Studio album by Macklemore & Ryan Lewis
- Released: October 9, 2012
- Recorded: 2009–2012
- Studios: Avast Recording Co. (Seattle); Haggerty Household (Seattle); Macklemore/Ryan Lewis Studios (Seattle); Perfect Sound Studios (Seattle); Studio X (Seattle);
- Genres: West Coast hip-hop; alternative hip-hop; pop rap;
- Length: 64:09
- Labels: Macklemore LLC; ADA;
- Producer: Ryan Lewis

Macklemore & Ryan Lewis chronology
| The Vs. Redux (2010) | The Heist (2012) | This Unruly Mess I've Made (2016) |

Singles from The Heist
- "Wings" Released: January 21, 2011; "Can't Hold Us" Released: August 16, 2011; "Same Love" Released: July 18, 2012; "Thrift Shop" Released: August 27, 2012; "Can't Hold Us" Released: January 24, 2013 (re-release); "White Walls" Released: October 8, 2013;

= The Heist (album) =

The Heist is the debut studio album by American hip hop duo Macklemore & Ryan Lewis. It was released on October 9, 2012, by Macklemore LLC, distributed under the Alternative Distribution Alliance. The album was independently self-produced, self-recorded and self-released by the duo, with no mainstream promotion or support. After the album's release, the duo hired Warner Music Group's radio promotion department to help the push with their singles for a small percentage of the sales.

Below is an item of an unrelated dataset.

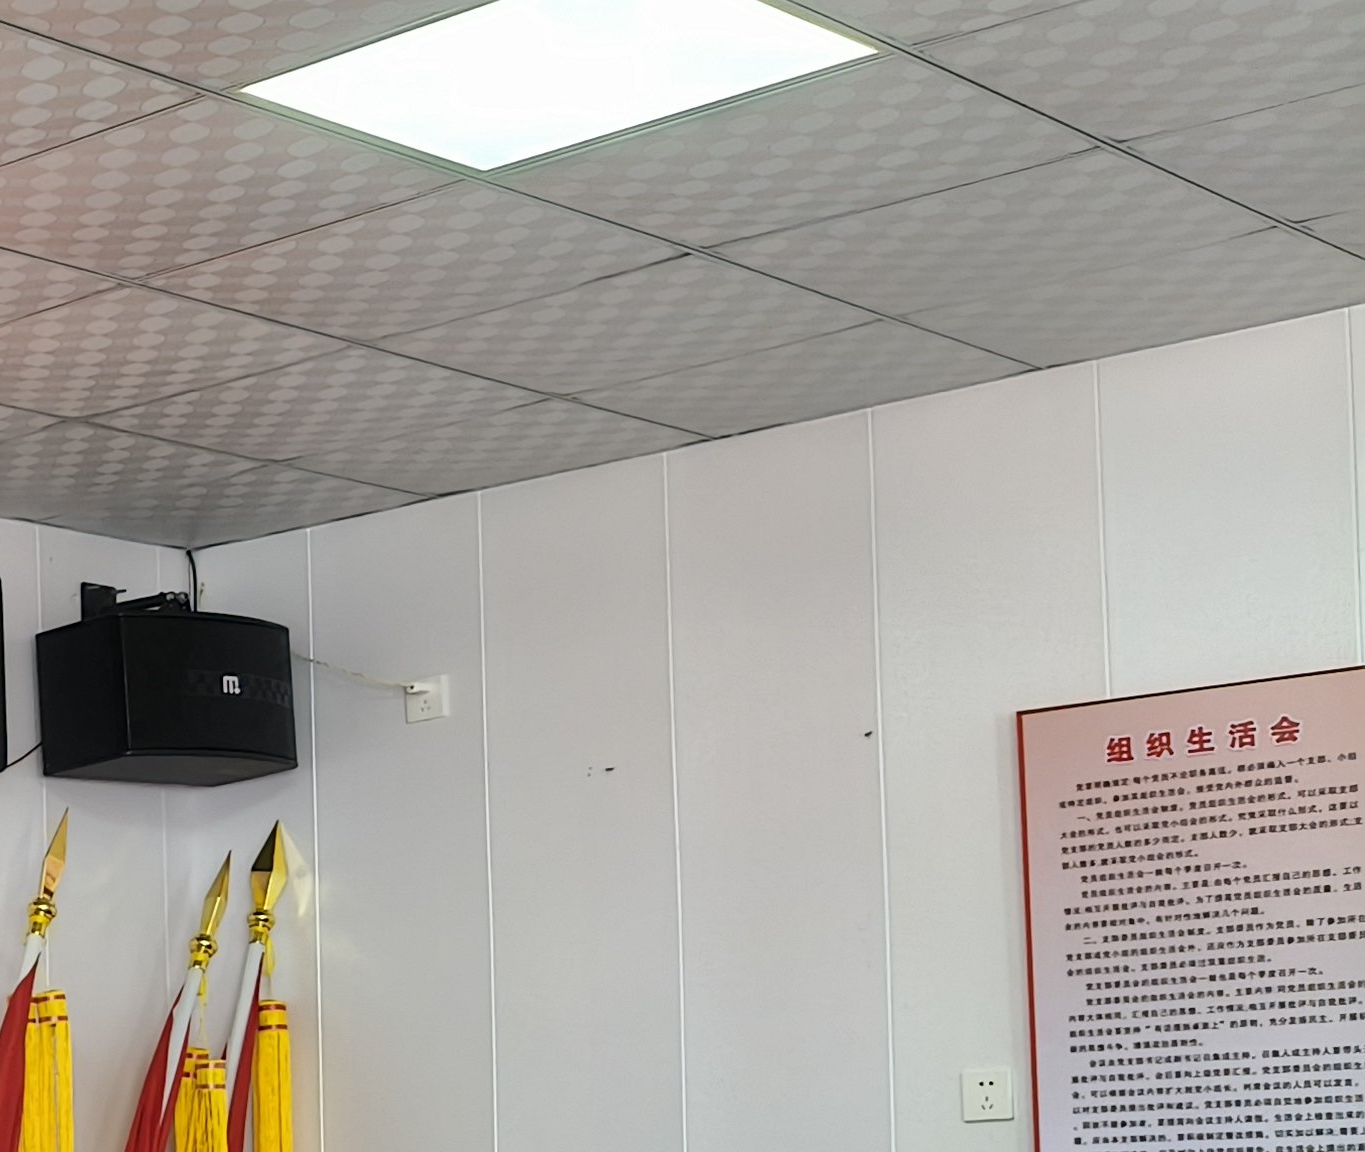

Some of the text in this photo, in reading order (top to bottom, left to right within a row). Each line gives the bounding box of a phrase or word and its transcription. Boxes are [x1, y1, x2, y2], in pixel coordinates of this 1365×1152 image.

[1106, 716, 1301, 763] 组织生活会

The album was recorded in Seattle, Washington between 2009 and 2012. Four singles were released before the album; the fourth single, "Thrift Shop", was the most commercially successful – peaking at number one on the Billboard Hot 100 and in 17 other countries, including in Australia and New Zealand, as well as a successful run on the charts in many other countries. The album's second single "Can't Hold Us" was also largely commercially successful, peaking at number one in the United States, Australia, and Sweden.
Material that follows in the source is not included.